AVAILABLE DATA:
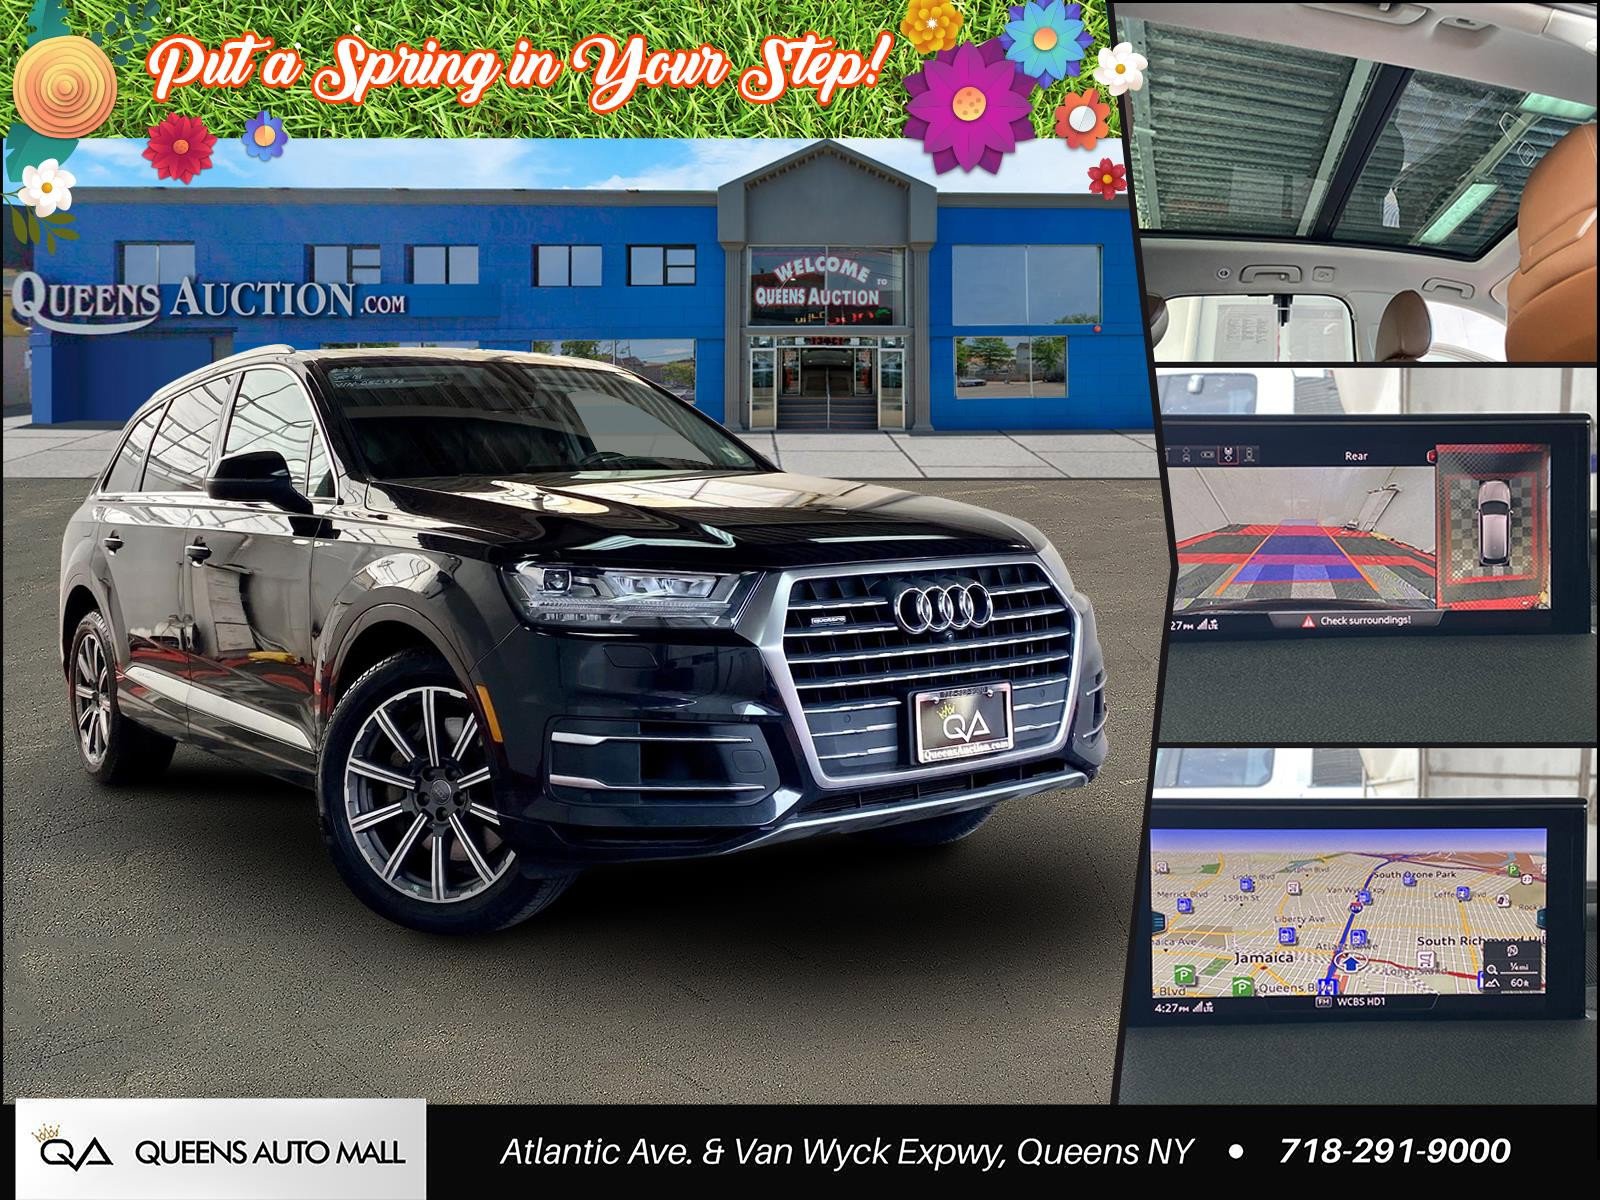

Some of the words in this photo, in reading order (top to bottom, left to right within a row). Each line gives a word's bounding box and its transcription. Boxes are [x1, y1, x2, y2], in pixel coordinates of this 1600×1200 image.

[774, 256, 871, 284] WELCOME
[877, 278, 888, 286] TO
[755, 287, 806, 306] QUEENS
[807, 287, 880, 306] AUCTION
[12, 271, 160, 334] QUEENS
[1345, 451, 1368, 461] Rear
[1321, 616, 1348, 625] Check
[1349, 616, 1411, 626] surroundings!
[943, 710, 991, 742] QA
[924, 741, 1009, 760] QueensAuction.com
[1223, 894, 1248, 902] 159th
[1274, 915, 1306, 923] Liberty
[1180, 938, 1197, 946] Ave
[1417, 936, 1455, 946] South
[1234, 952, 1294, 965] Jamaica
[1385, 967, 1411, 978] Long
[1160, 986, 1186, 996] Blvd
[1259, 983, 1303, 993] Queens
[1337, 998, 1365, 1006] WCBS
[1367, 998, 1385, 1006] HD1
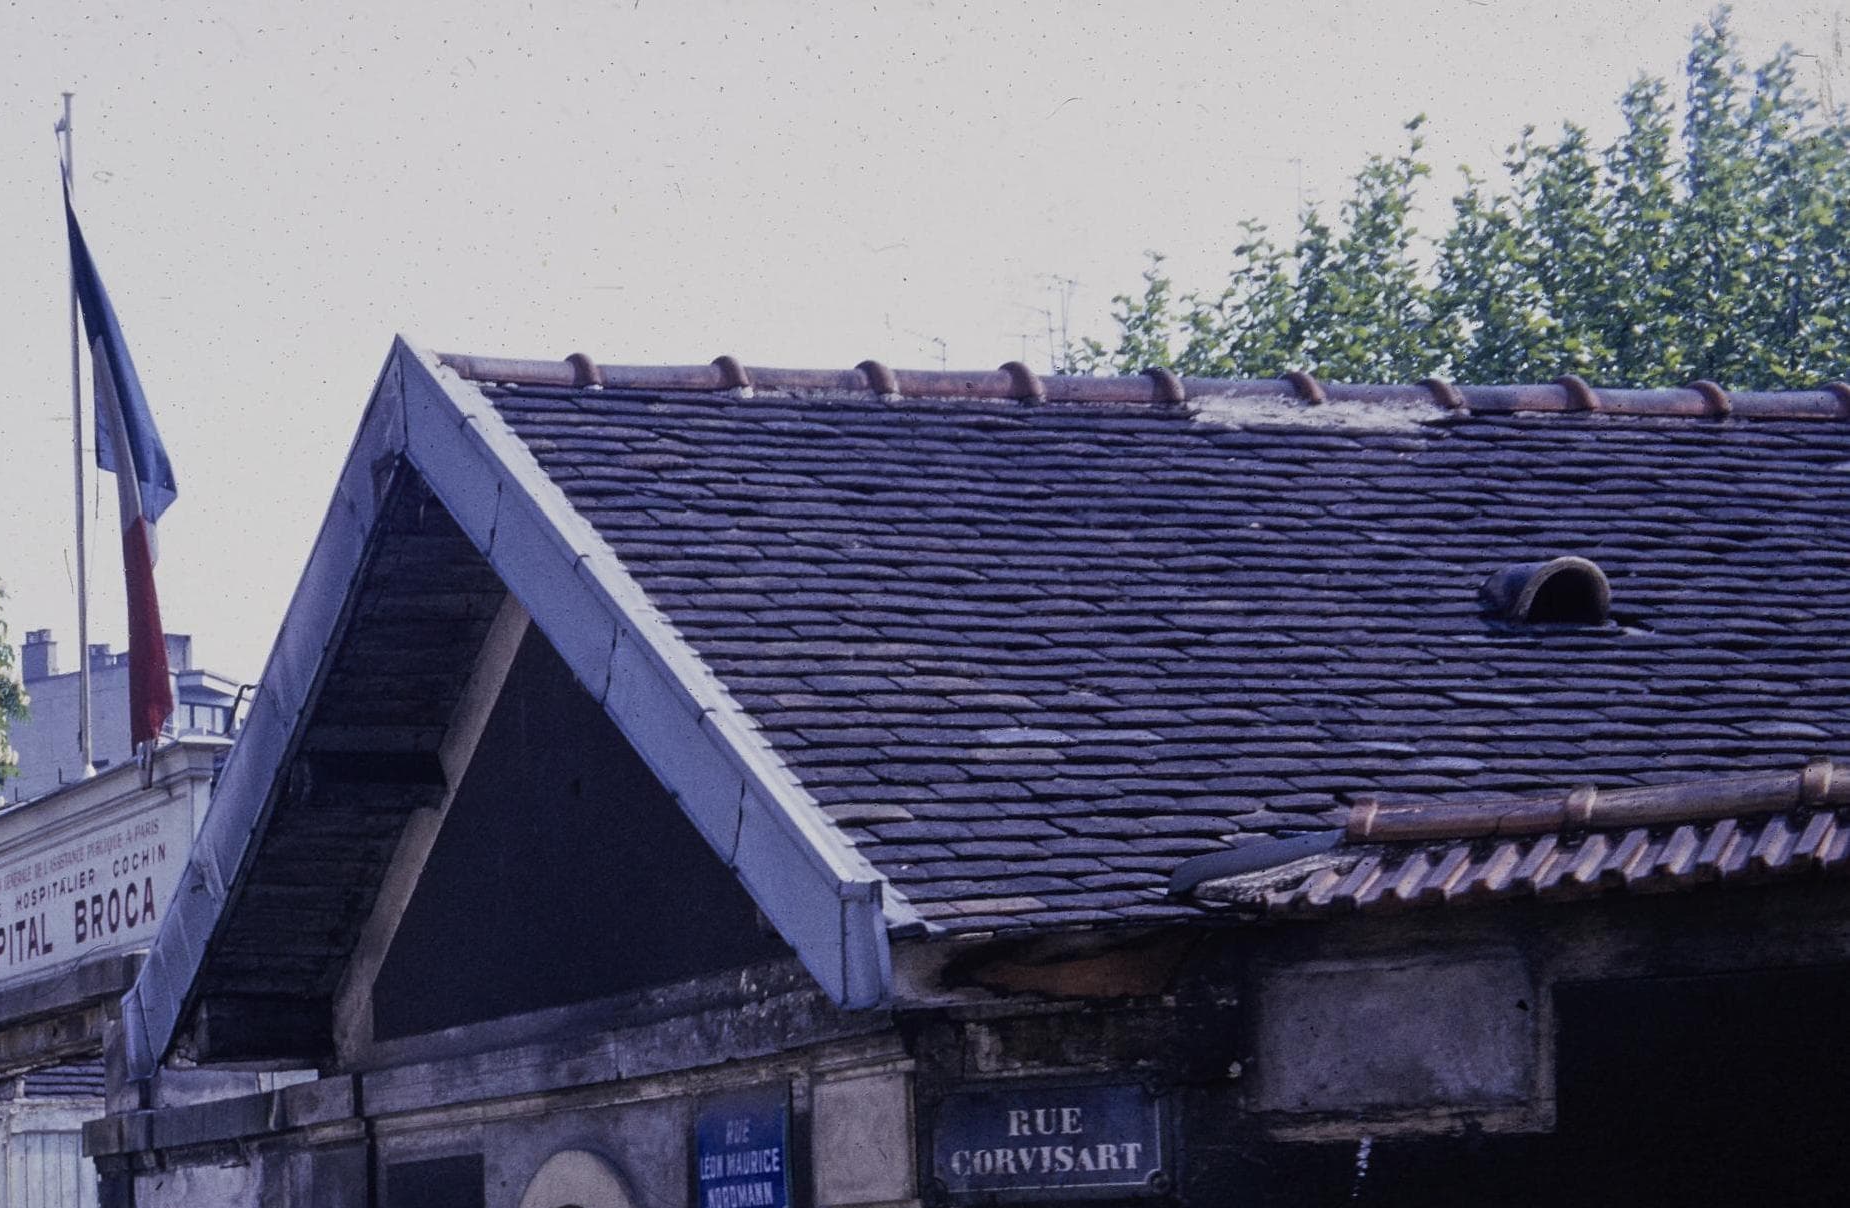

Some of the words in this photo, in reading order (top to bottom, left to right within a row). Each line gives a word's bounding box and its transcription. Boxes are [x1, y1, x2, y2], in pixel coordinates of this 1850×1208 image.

[133, 818, 160, 842] PARIS
[15, 867, 96, 911] HOSPITALIER
[112, 843, 167, 878] COCHIN
[74, 876, 156, 945] BROCA
[725, 1118, 750, 1145] RUE
[1007, 1107, 1083, 1137] RUE
[726, 1147, 780, 1177] MAURICE
[951, 1142, 1143, 1176] CORVISART
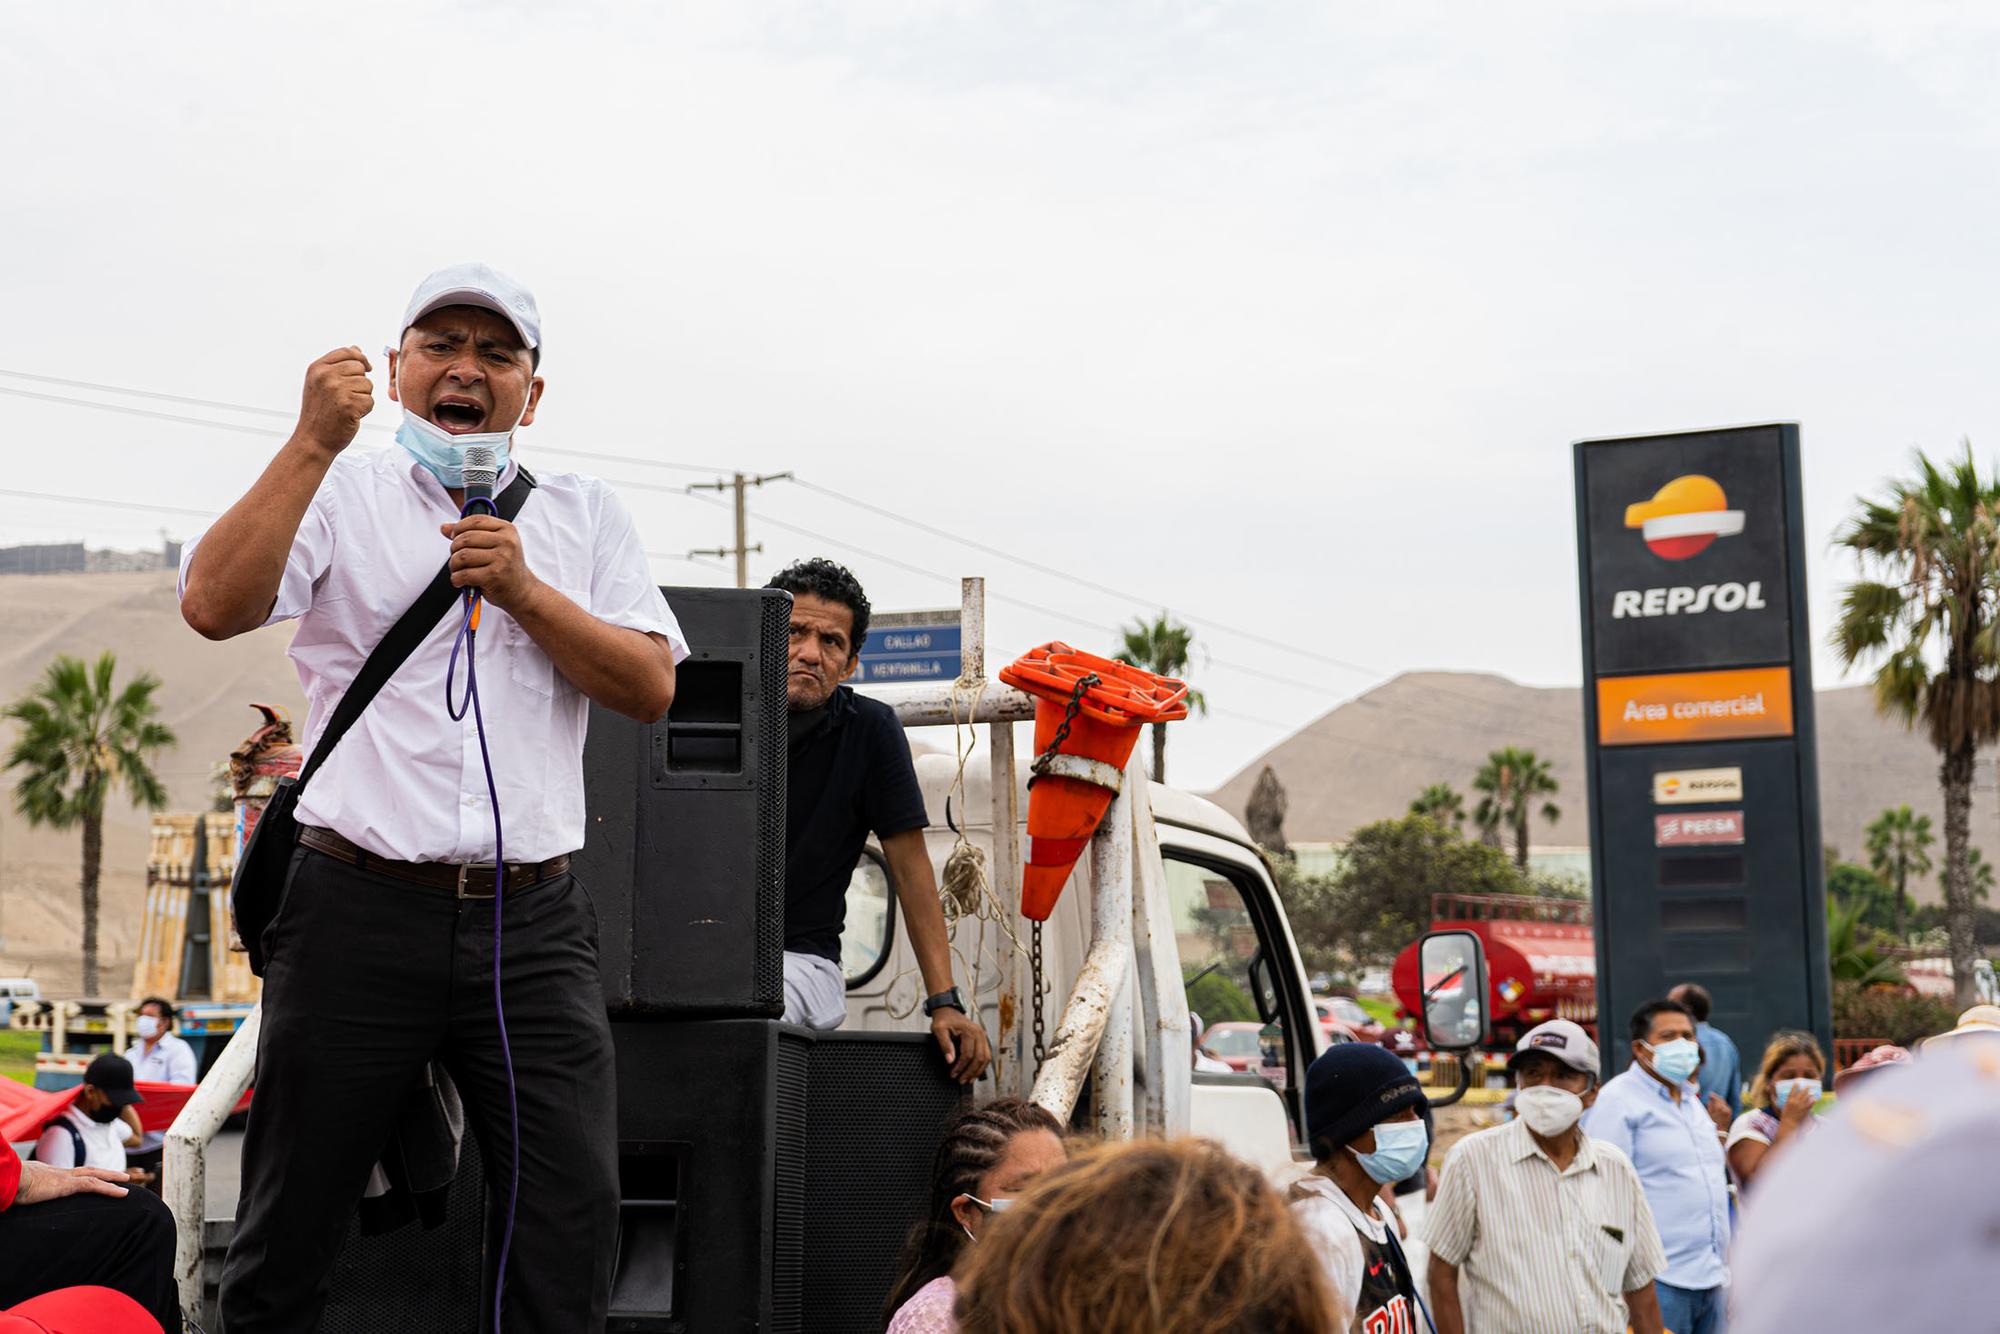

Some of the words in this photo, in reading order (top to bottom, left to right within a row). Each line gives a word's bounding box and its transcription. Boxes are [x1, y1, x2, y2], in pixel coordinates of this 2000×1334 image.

TASK OBJECTIVE: What's needed is every line above, retyped exactly and free of pictures.

RESULT:
Some of the words in this photo, in reading order (top to bottom, left to right within a row). Each line gives a word's bounding box and its transcription. Boxes are [x1, y1, x2, y2], in pixel coordinates of this 1600×1200 image.

[774, 256, 871, 284] WELCOME
[877, 278, 888, 286] TO
[755, 287, 806, 306] QUEENS
[807, 287, 880, 306] AUCTION
[12, 271, 160, 334] QUEENS
[1345, 451, 1368, 461] Rear
[1321, 616, 1348, 625] Check
[1349, 616, 1411, 626] surroundings!
[943, 710, 991, 742] QA
[924, 741, 1009, 760] QueensAuction.com
[1223, 894, 1248, 902] 159th
[1274, 915, 1306, 923] Liberty
[1180, 938, 1197, 946] Ave
[1417, 936, 1455, 946] South
[1234, 952, 1294, 965] Jamaica
[1385, 967, 1411, 978] Long
[1160, 986, 1186, 996] Blvd
[1259, 983, 1303, 993] Queens
[1337, 998, 1365, 1006] WCBS
[1367, 998, 1385, 1006] HD1

Some of the words in this photo, in reading order (top to bottom, left to right within a row). Each line gives a word's bounding box and its transcription. Boxes are [x1, y1, x2, y2], in pixel coordinates of this 1850×1208 image.

[133, 818, 160, 842] PARIS
[15, 867, 96, 911] HOSPITALIER
[112, 843, 167, 878] COCHIN
[74, 876, 156, 945] BROCA
[725, 1118, 750, 1145] RUE
[1007, 1107, 1083, 1137] RUE
[726, 1147, 780, 1177] MAURICE
[951, 1142, 1143, 1176] CORVISART

Some of the words in this photo, in reading order (top to bottom, left to right within a row). Each line gives a word's bounding box and its transcription. Boxes are [x1, y1, x2, y2], in pixel coordinates of this 2000×1334 image.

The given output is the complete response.